Мало-помалу Нормандка стала в своих разговорах очень плохо отзываться о красавице Лизе. По ее словам, колбасница скрывает свои годы, а шнуруется до такой степени, что не может в корсете дышать. Если она с самого утра приходит в магазин затянутая, прилизанная, волосок к волоску, то потому, должно быть, что на нее страшно поглядеть в утреннем неглиже. При этом Луиза слегка поднимала руки, показывая, что дома она не носит корсета; и молодая женщина продолжала улыбаться, выставляя вперед свою великолепную грудь, которая вздымалась и, казалось, жила под тонкой, небрежно застегнутой кофточкой. Урок прерывался. Заинтересованный Мюш смотрел, как мать поднимает руки. Флоран слушал, даже улыбался, думая про себя, что женщины – пресмешной народ. Соперничество между красавицей Нормандкой и красавицей Лизой потешало его.
Между тем Мюш доканчивал страницу чистописания. Флоран, обладавший прекрасным почерком, приготовлял прописи – полоски бумаги, на которых он крупными и мелкими буквами писал многосложные слова, занимавшие целую строку. Особенно он любил слова «тиранически», «свободоубийца», «антиконституционный», «революционный», а иной раз он заставлял мальчика переписывать фразы вроде: «Наступит день справедливого возмездия», «Страдания правого – приговор неправому», «Когда наступит время, виновный будет низвергнут». Заготовляя эти прописи, Флоран наивно повиновался идеям, бродившим у него в голове; он забывал и Мюша, и красавицу Нормандку, и все окружающее. А Мюш преспокойно переписал бы хоть весь «Общественный договор»[5 - Трактат французского писателя-просветителя Жан-Жака Руссо (1712–1778), в котором изложены его идеи народовластия.]. Он добросовестно выводил на целых страницах слова «тиранически» и «антиконституционный», выписывая каждую букву.
До самого ухода учителя старуха Мегюден с недовольным ворчанием вертелась у стола. Она продолжала питать к Флорану непримиримую злобу. По ее мнению, бессмысленно было заставлять ребенка заниматься по вечерам, в такое время, когда детям пора ложиться спать. Она, без сомнения, вышвырнула бы «сухопарого верзилу» за дверь, если бы старшая дочь после бурной сцены не объявила ей напрямик, что переедет на отдельную квартиру, если ей не позволят принимать у себя, кого она хочет. Впрочем, этот спор возобновлялся каждый вечер.

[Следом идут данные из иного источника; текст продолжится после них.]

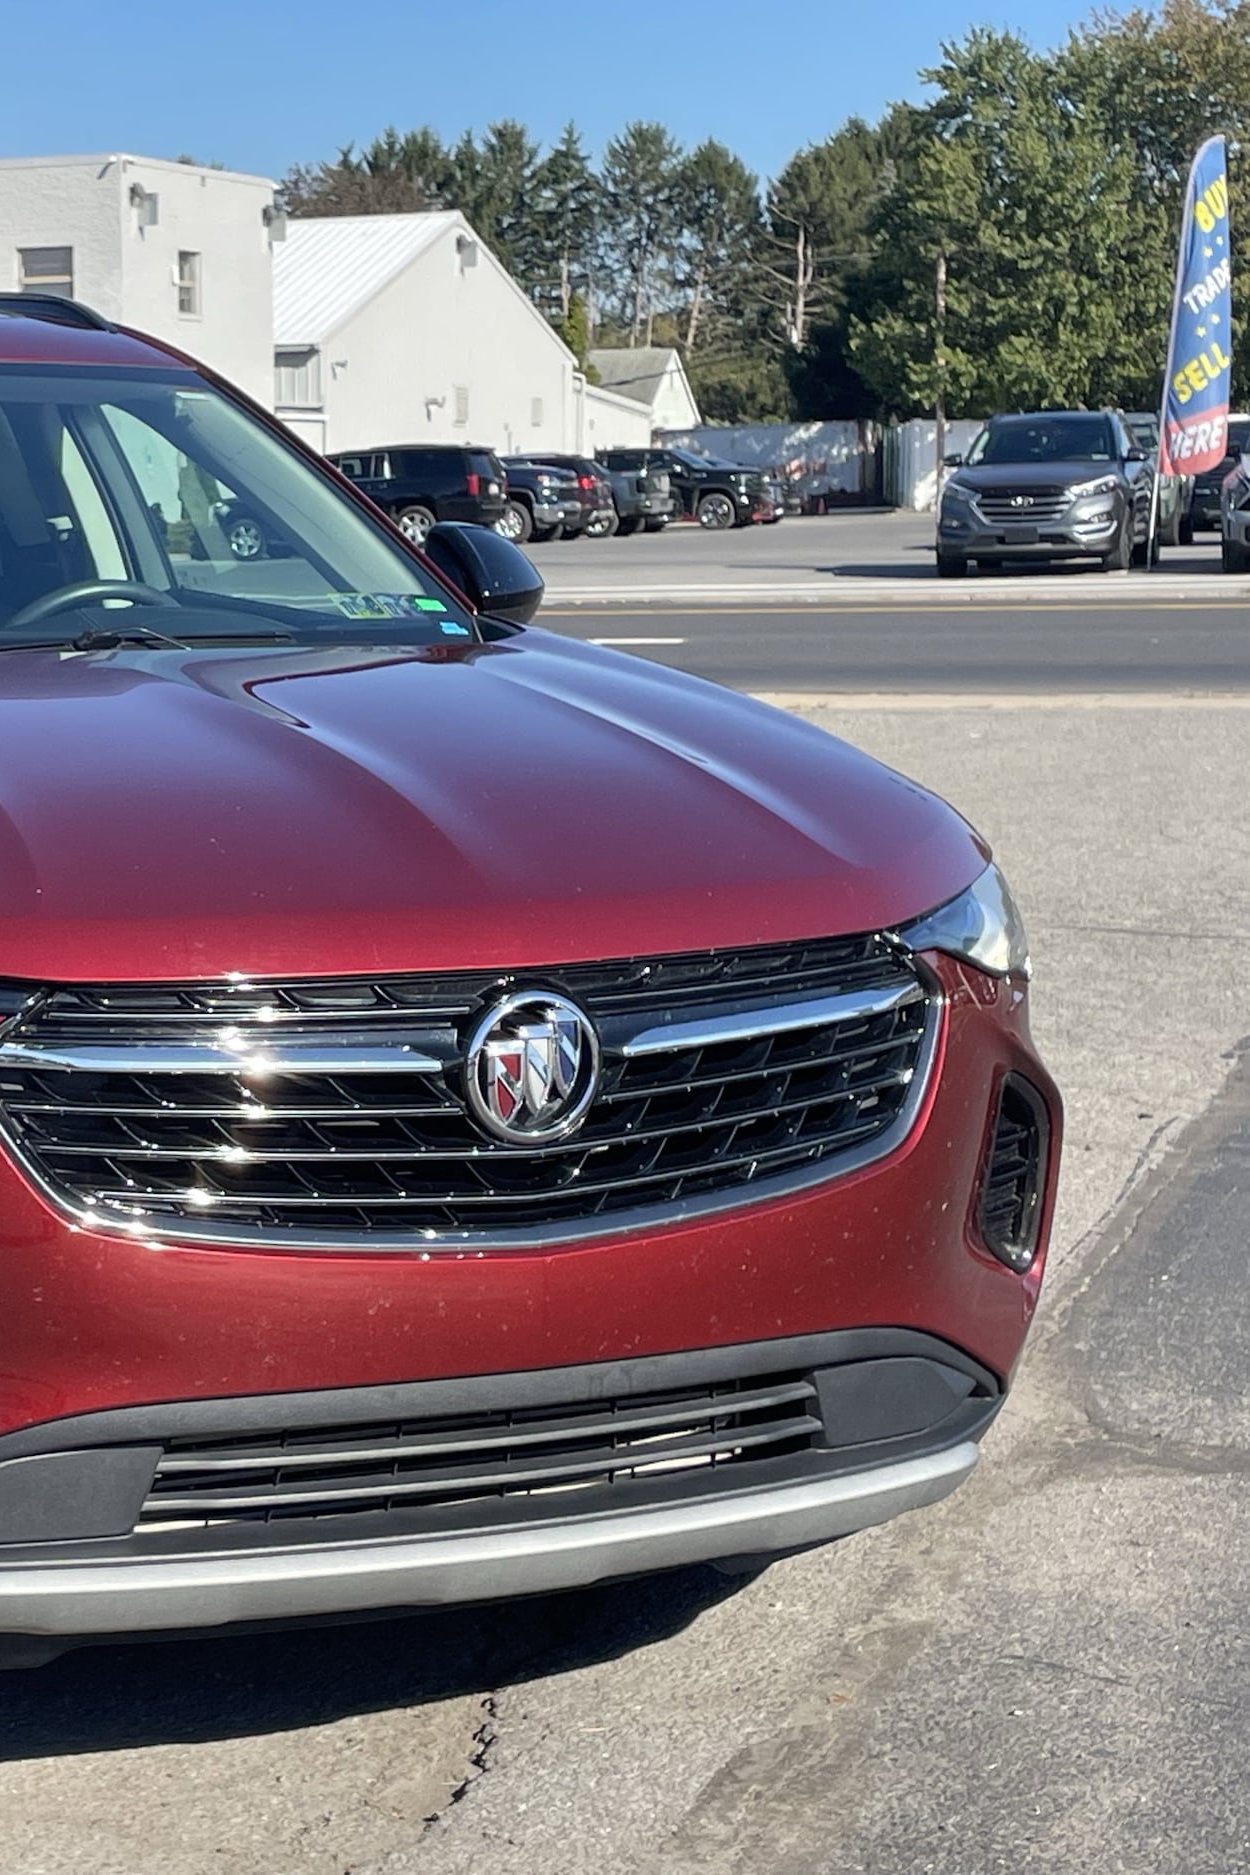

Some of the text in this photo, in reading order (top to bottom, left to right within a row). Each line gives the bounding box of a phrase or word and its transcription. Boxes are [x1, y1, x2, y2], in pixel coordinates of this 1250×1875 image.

[1194, 172, 1228, 234] BUY
[1182, 257, 1230, 315] TRADE
[1172, 341, 1230, 405] SELL
[1170, 415, 1224, 460] HERE
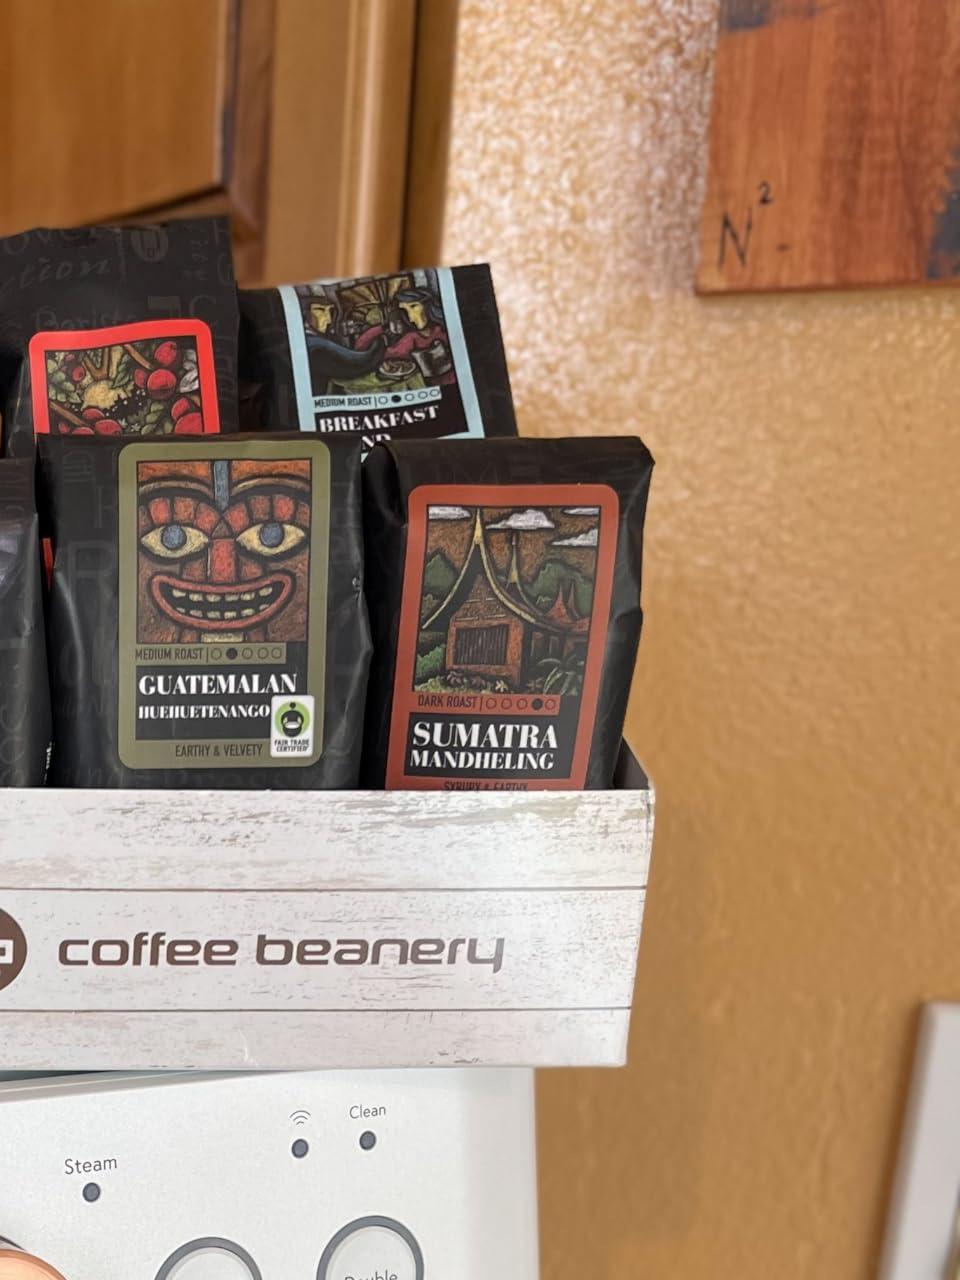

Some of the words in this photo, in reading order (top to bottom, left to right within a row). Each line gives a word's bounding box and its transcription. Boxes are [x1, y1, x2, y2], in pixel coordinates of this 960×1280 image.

[314, 398, 345, 409] MEDIUM
[347, 396, 372, 406] ROAST
[319, 405, 439, 433] BREAKFAST
[135, 648, 172, 661] MEDIUM
[174, 647, 203, 660] ROAST
[138, 673, 298, 696] GUATEMALAN
[417, 694, 445, 708] DARK
[446, 695, 478, 709] ROAST
[138, 704, 271, 720] HUEHUETENANGO
[412, 721, 559, 749] SUMATRA
[175, 744, 211, 758] EARTHY
[213, 745, 220, 757] &
[223, 743, 263, 757] VELVETY
[410, 749, 555, 771] MANDHELING
[58, 931, 239, 966] coffee
[255, 934, 505, 974] beanery
[349, 1104, 387, 1120] Clean
[64, 1157, 118, 1175] Steam
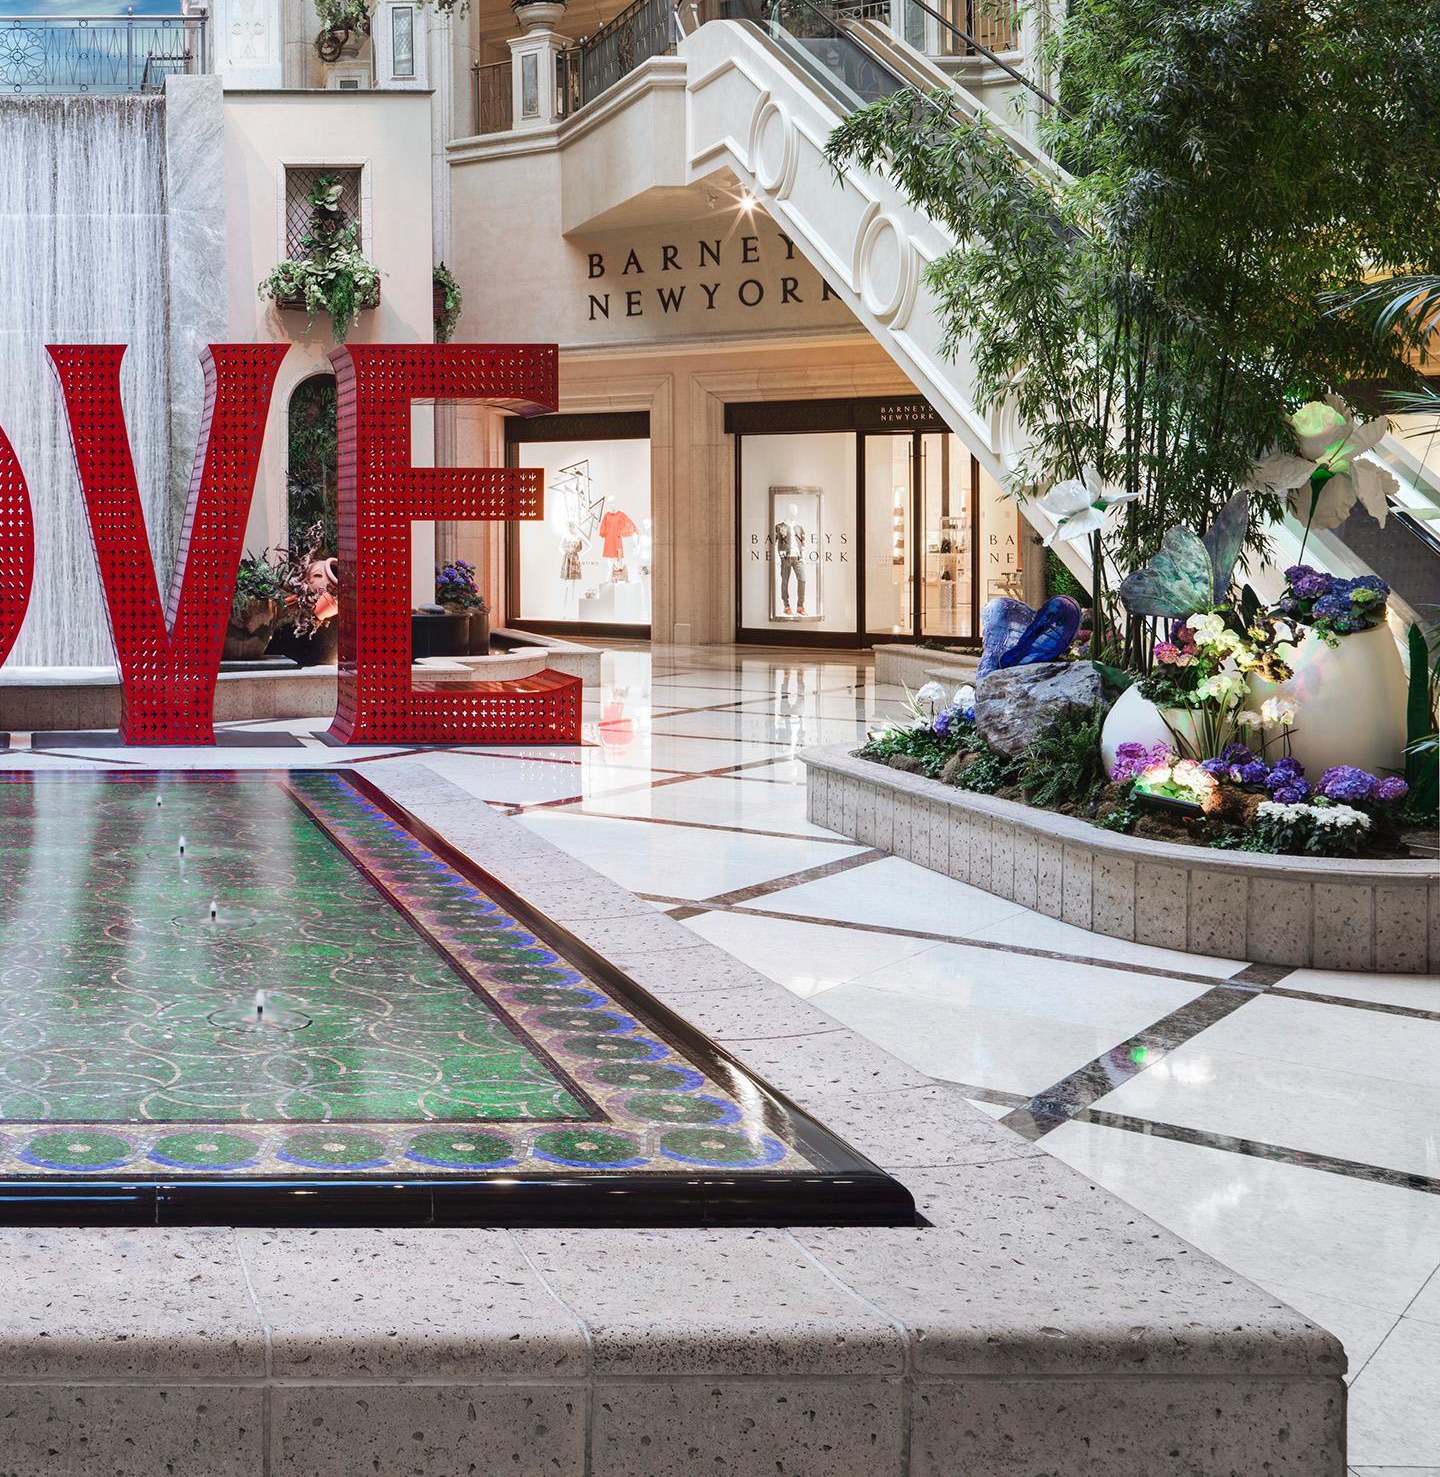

– Что ты ни говори, – повторяла старуха, – а у него дурной глаз… Притом все тощие – народ лукавый. Тощий способен на все. Никогда не встречала я между ними путных людей… А у этого весь живот подтянуло, поверь слову: ведь он плоский как доска… Да и собой неказист! Даром что мне шестьдесят пять лет с хвостиком, я и то не польстилась бы на такого.
Она говорила это, замечая, к чему клонится дело, и рассыпалась в восторженных похвалах господину Лебигру. Тот действительно приударял за красавицей Нормандкой. Содержатель погребка чутьем угадывал богатое приданое и находил, что молодая женщина будет великолепна за стойкой. И тетка Мегюден без устали превозносила его: этот, по крайней мере, не сухарь и силен, должно быть, как турок. Она доходила до того, что восхищалась даже жирными икрами Лебигра. Однако дочь только пожимала плечами, колко замечая:
– Наплевать мне на его икры. Ишь, невидаль какая!.. Я делаю что хочу.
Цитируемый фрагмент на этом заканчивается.